"""

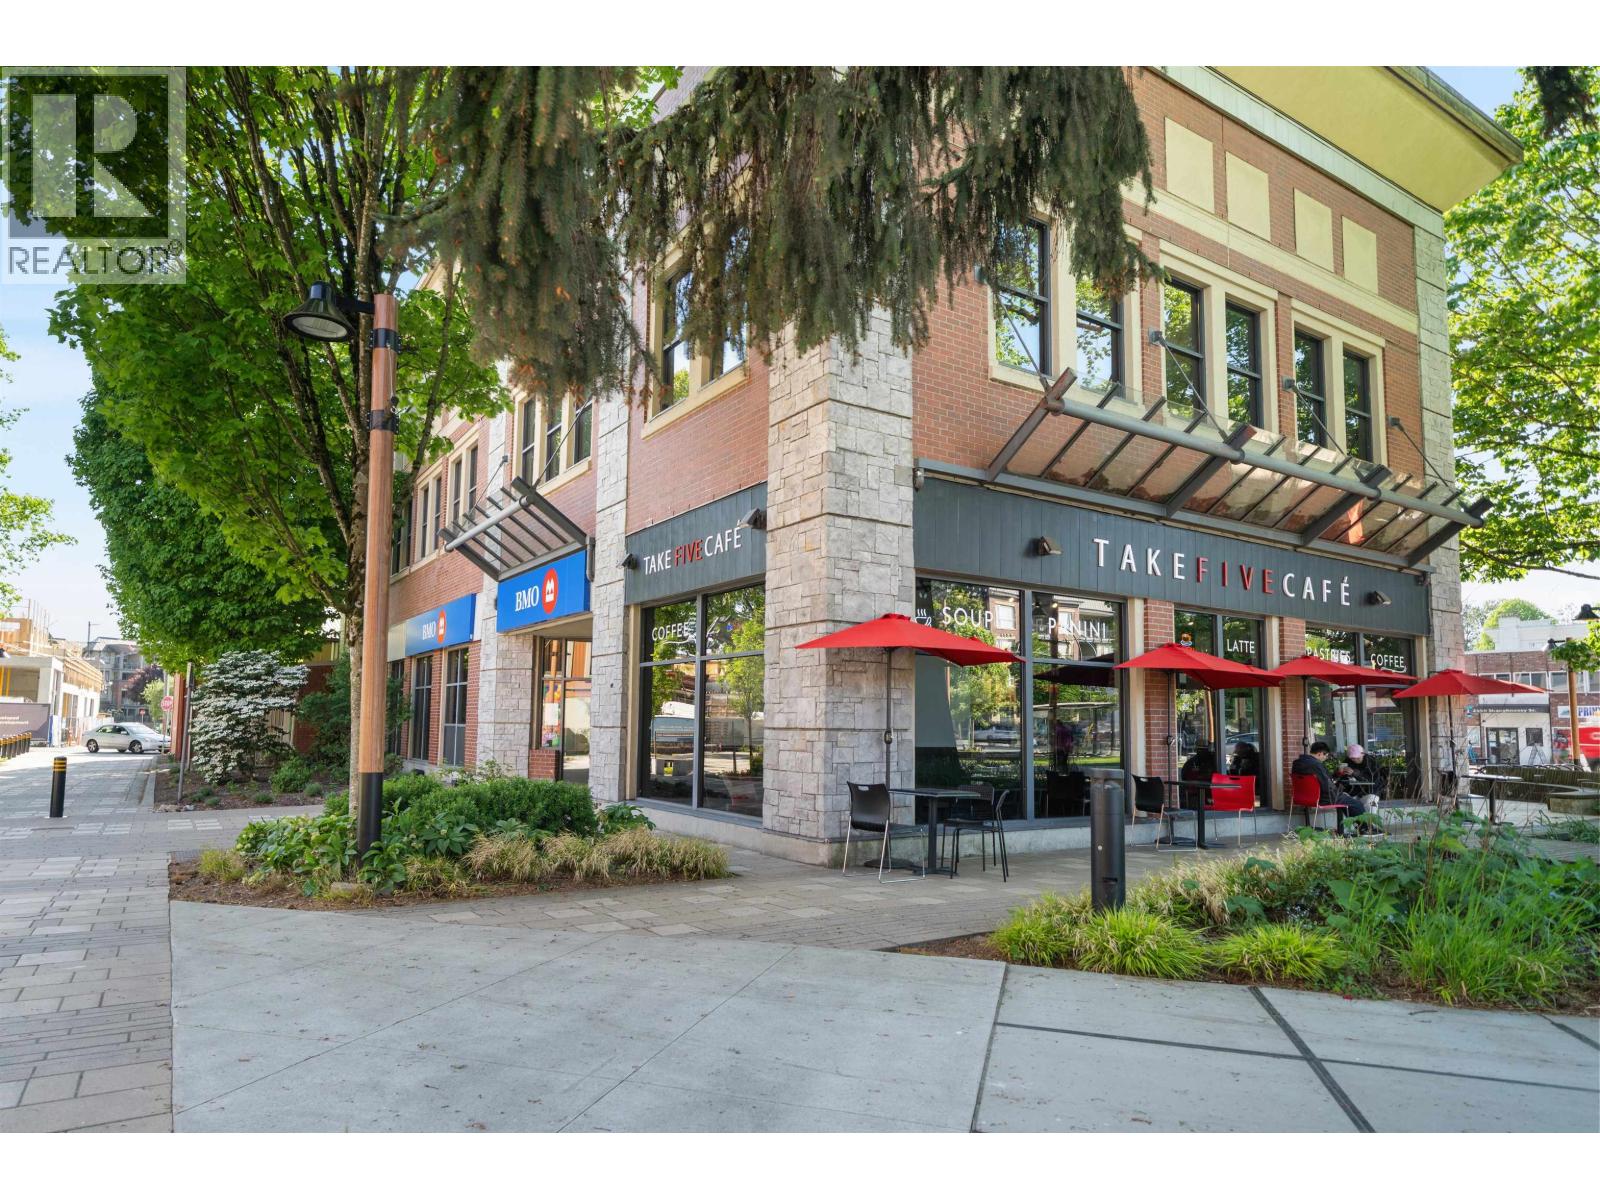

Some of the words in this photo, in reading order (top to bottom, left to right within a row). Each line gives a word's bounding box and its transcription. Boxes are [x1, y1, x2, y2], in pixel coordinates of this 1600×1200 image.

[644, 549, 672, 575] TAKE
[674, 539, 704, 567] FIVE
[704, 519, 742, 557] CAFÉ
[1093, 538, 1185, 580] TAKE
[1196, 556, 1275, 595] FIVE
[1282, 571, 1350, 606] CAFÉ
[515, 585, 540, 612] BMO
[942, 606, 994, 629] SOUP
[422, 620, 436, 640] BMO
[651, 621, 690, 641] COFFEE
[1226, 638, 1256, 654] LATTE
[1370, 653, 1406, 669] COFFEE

"""

A word-for-word copy of the data above is needed, one that omits the pictures.

(RESPONSE AREA)
Some of the words in this photo, in reading order (top to bottom, left to right within a row). Each line gives a word's bounding box and its transcription. Boxes are [x1, y1, x2, y2], in pixel coordinates of this 1600×1200 image.

[644, 549, 672, 575] TAKE
[674, 539, 704, 567] FIVE
[704, 519, 742, 557] CAFÉ
[1093, 538, 1185, 580] TAKE
[1196, 556, 1275, 595] FIVE
[1282, 571, 1350, 606] CAFÉ
[515, 585, 540, 612] BMO
[942, 606, 994, 629] SOUP
[422, 620, 436, 640] BMO
[651, 621, 690, 641] COFFEE
[1226, 638, 1256, 654] LATTE
[1370, 653, 1406, 669] COFFEE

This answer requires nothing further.